Trieste sul podio del nuovo turismo: la città entra nella top 10 delle mete più ricercate del 2025
Nel 2025 il turismo italiano ha cambiato passo, voltando le spalle alle grandi capitali sovraffollate e riscoprendo luoghi capaci di raccontare storie autentiche, identità profonde e un rapporto più intimo con il territorio. A certificarlo sono i dati di Loquis, la prima piattaforma mondiale di travel podcast geolocalizzati, che ha tracciato la classifica delle mete più ascoltate dell’anno. E in questa nuova mappa del desiderio turistico, Trieste si ritaglia un posto di assoluto rilievo, conquistando il terzo gradino della top 10 nazionale.
Non una sorpresa, ma una conferma. Perché Trieste, negli ultimi anni, ha saputo proporsi come alternativa credibile all’overtourism, puntando su narrazione, cultura, paesaggio e su un’identità forte, riconoscibile, mai omologata.
La classifica che racconta un cambiamento profondo
La top 10 delle mete più ascoltate su Loquis nel 2025 parla chiaro. In testa non ci sono le grandi metropoli, ma centri di dimensioni contenute, borghi, città di confine, luoghi capaci di offrire un’esperienza più lenta e consapevole. Cividale del Friuli e Città Sant’Angelo guidano la classifica, seguite proprio da Trieste, davanti a realtà come Bard, Egna, Bagheria, Monopoli, Volterra, Cervara di Roma e Pradleves.

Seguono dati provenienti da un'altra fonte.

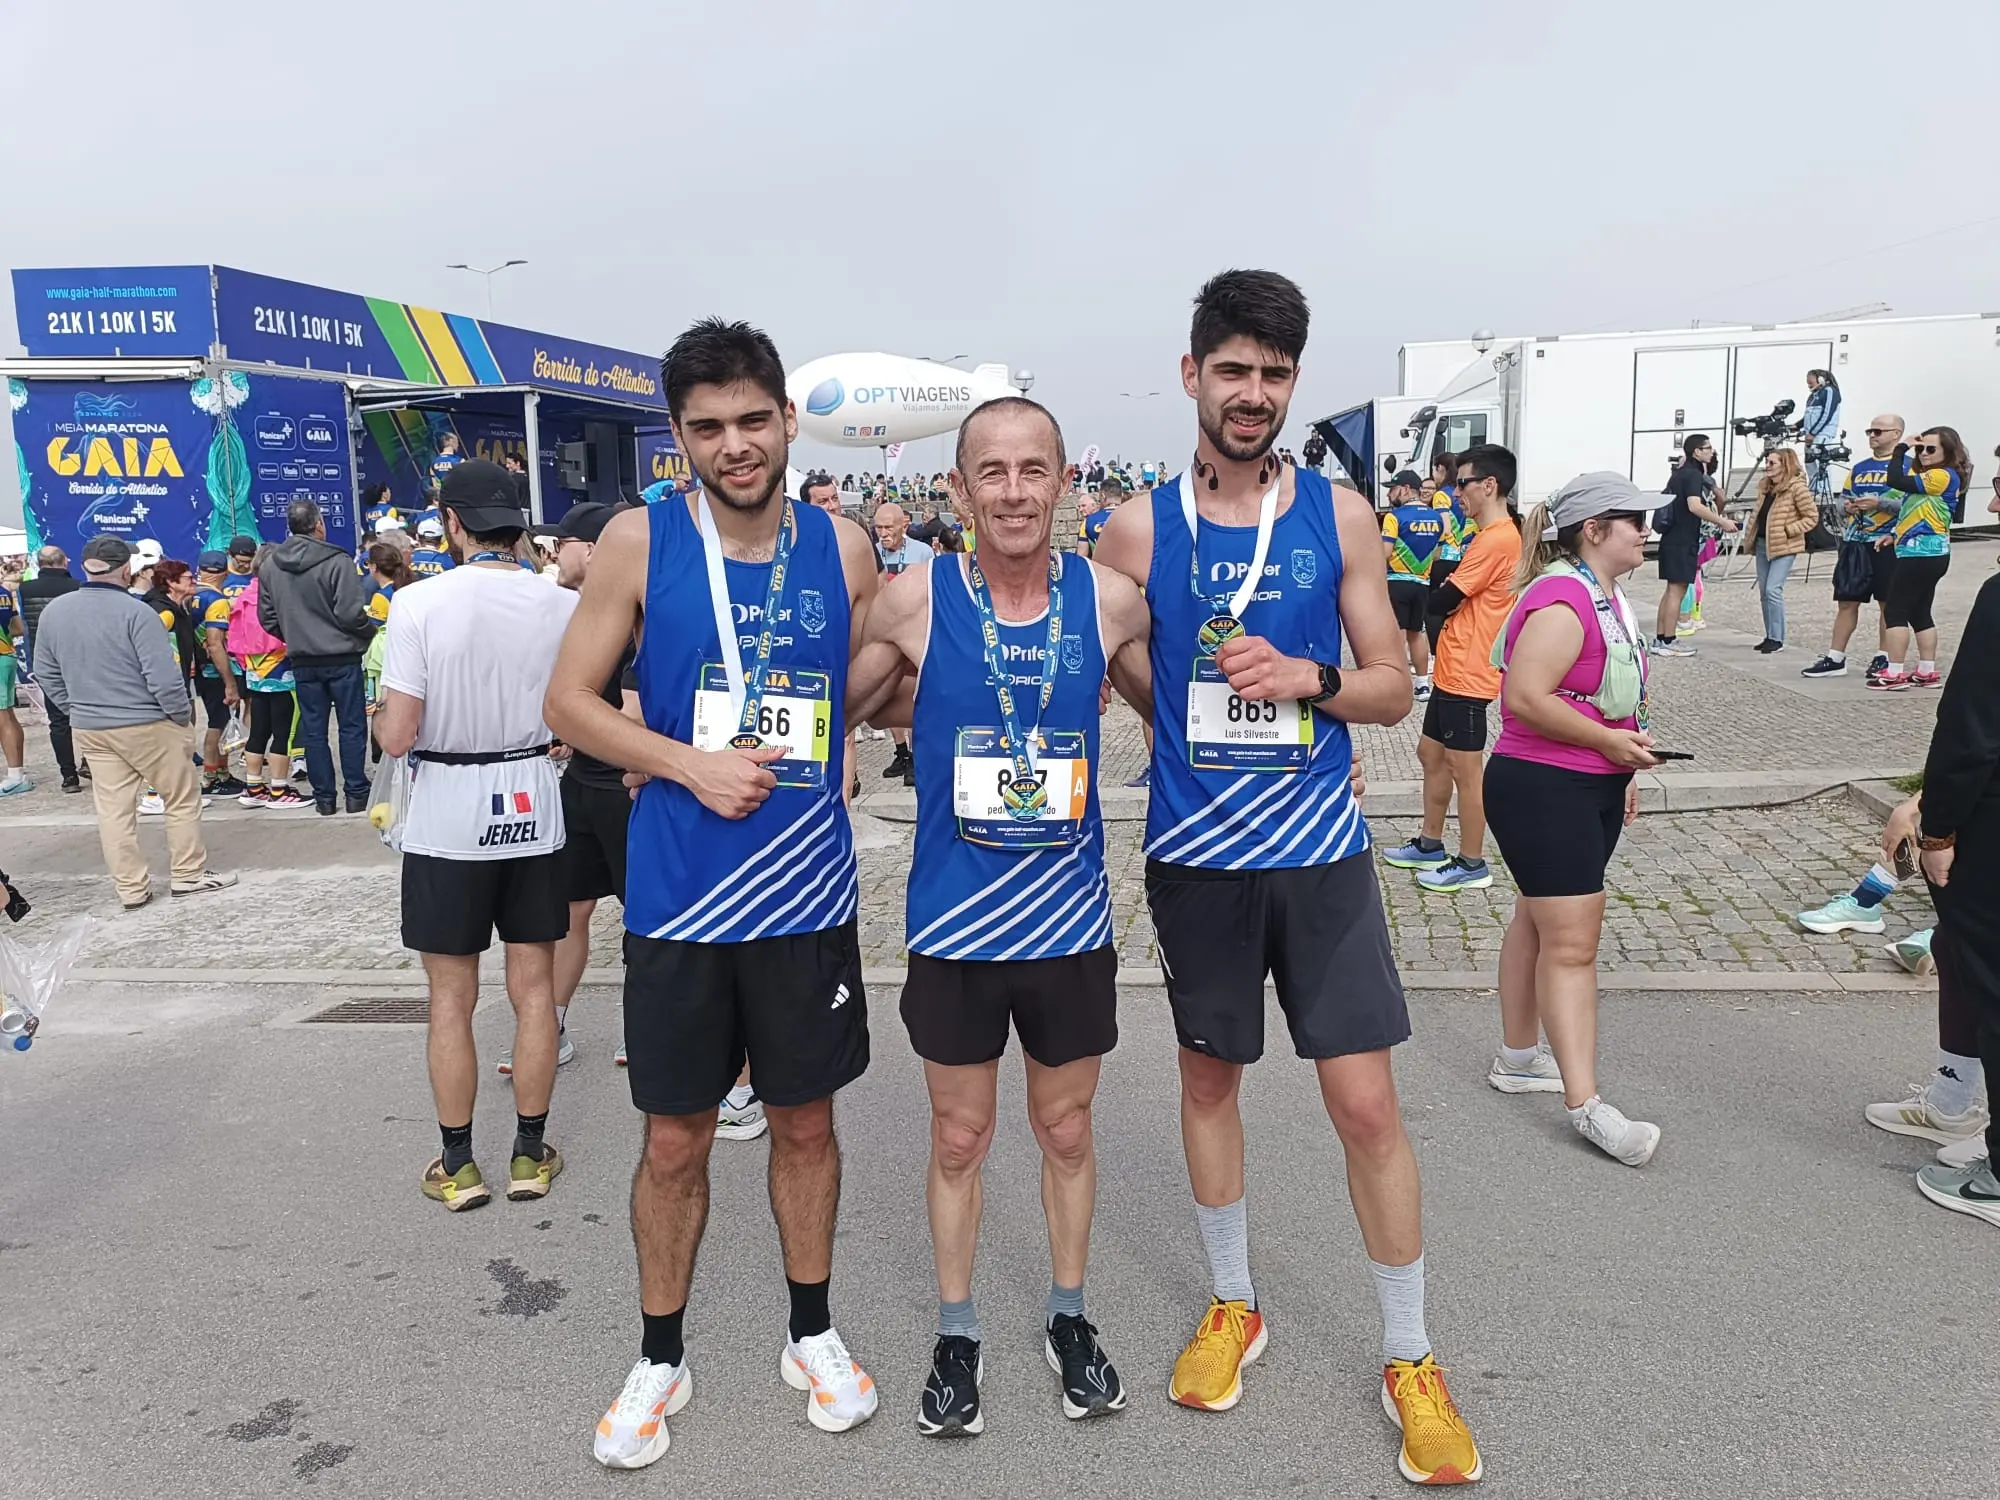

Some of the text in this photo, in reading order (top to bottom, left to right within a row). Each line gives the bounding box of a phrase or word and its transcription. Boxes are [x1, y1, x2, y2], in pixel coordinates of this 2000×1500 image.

[46, 286, 177, 301] www.gaia-half-marathon.com
[47, 311, 84, 334] 21K
[100, 311, 136, 333] 10K
[152, 310, 177, 333] 5K
[254, 306, 288, 336] 21K
[301, 314, 332, 342] 10K
[343, 321, 364, 348] 5K
[533, 347, 655, 396] Corrida do Atlântico
[903, 402, 969, 413] Viajamos Juntos
[306, 430, 332, 441] GAIA
[47, 437, 185, 478] GAIA
[68, 481, 168, 496] Corrida do Atlântico
[93, 513, 137, 525] Planicare
[1410, 521, 1440, 533] GAIA
[772, 564, 784, 592] GAIA
[1217, 562, 1281, 579] Per
[984, 620, 998, 649] GAIA
[1050, 616, 1060, 644] GAIA
[1210, 620, 1235, 629] GAIA
[758, 631, 772, 660] GAIA
[1010, 645, 1046, 662] Prife
[999, 687, 1013, 716] GAIA
[1227, 694, 1278, 723] 865
[744, 699, 758, 727] GAIA
[757, 705, 791, 737] 66
[815, 717, 826, 738] B
[1243, 728, 1280, 739] Silvestre
[734, 738, 758, 746] GAIA
[1199, 750, 1219, 758] GAIA
[997, 768, 1048, 797] 87
[1013, 783, 1037, 791] GAIA
[1073, 776, 1085, 797] A
[478, 820, 519, 847] JERZEL
[968, 825, 988, 834] GAIA

Una graduatoria che fotografa una vera e propria inversione di tendenza. Gli italiani non cercano più solo monumenti iconici o itinerari standardizzati, ma vogliono ascoltare storie, immergersi nei luoghi, comprenderne l’anima prima ancora di visitarli.
Trieste, città da ascoltare prima ancora che da vedere
Il dato che colloca Trieste tra le mete più ascoltate del 2025 racconta molto più di una semplice preferenza turistica. Racconta una città che funziona nel racconto, che si presta alla narrazione audio, che incuriosisce, affascina e invita all’esplorazione. Le guide geolocalizzate, gli aneddoti, le storie legate ai luoghi diventano spesso il primo contatto tra il viaggiatore e la destinazione.
Trieste emerge così come città che non si consuma in fretta, ma che si scopre passo dopo passo, ascolto dopo ascolto. Una città che non ha bisogno di urlare per attirare, ma che conquista con la profondità del suo racconto e con la complessità della sua identità.
Dal digitale al viaggio reale
Secondo i dati di Loquis, l’ascolto di contenuti audio è sempre più spesso il punto di partenza per la scelta di una destinazione. Gli utenti utilizzano il digitale per costruire itinerari alternativi, evitare le folle e vivere il territorio in modo più consapevole. In questo scenario, Trieste si inserisce perfettamente come meta capace di offrire esperienze autentiche, lontane dai circuiti del turismo mordi e fuggi.
La piattaforma si conferma così un osservatorio privilegiato sui nuovi comportamenti dei viaggiatori, mostrando come i contenuti digitali possano contribuire a redistribuire i flussi turistici e valorizzare realtà che puntano sulla qualità più che sui numeri.
Un segnale forte per il futuro del turismo
Il fatto che Trieste rientri stabilmente tra le mete più ascoltate del 2025 si inserisce in un quadro più ampio di crescita dell’audio come strumento di racconto dei territori. Nel corso dell’anno, Loquis ha superato i 10 milioni di ascolti complessivi e oltre 2,2 milioni di ascoltatori unici, confermando come l’esperienza sonora sia diventata parte integrante del modo di viaggiare degli italiani.
Per Trieste, questo riconoscimento rappresenta un segnale importante. La città viene scelta non per caso, ma perché risponde a una domanda nuova: quella di un turismo che cerca senso, storie, identità e che rifiuta l’overtourism come modello dominante.
Trieste, simbolo della nuova rotta
In una classifica dominata da borghi e centri di dimensioni contenute, Trieste si distingue come città capace di unire complessità urbana e spirito autentico. Terza nella top 10 delle mete più ascoltate del 2025, la città si conferma protagonista di una rivincita silenziosa ma profonda, quella dei luoghi che non si limitano a essere visitati, ma che chiedono di essere ascoltati.
Una scelta che racconta non solo come viaggiano gli italiani oggi, ma anche che tipo di città Trieste è diventata nel loro immaginario.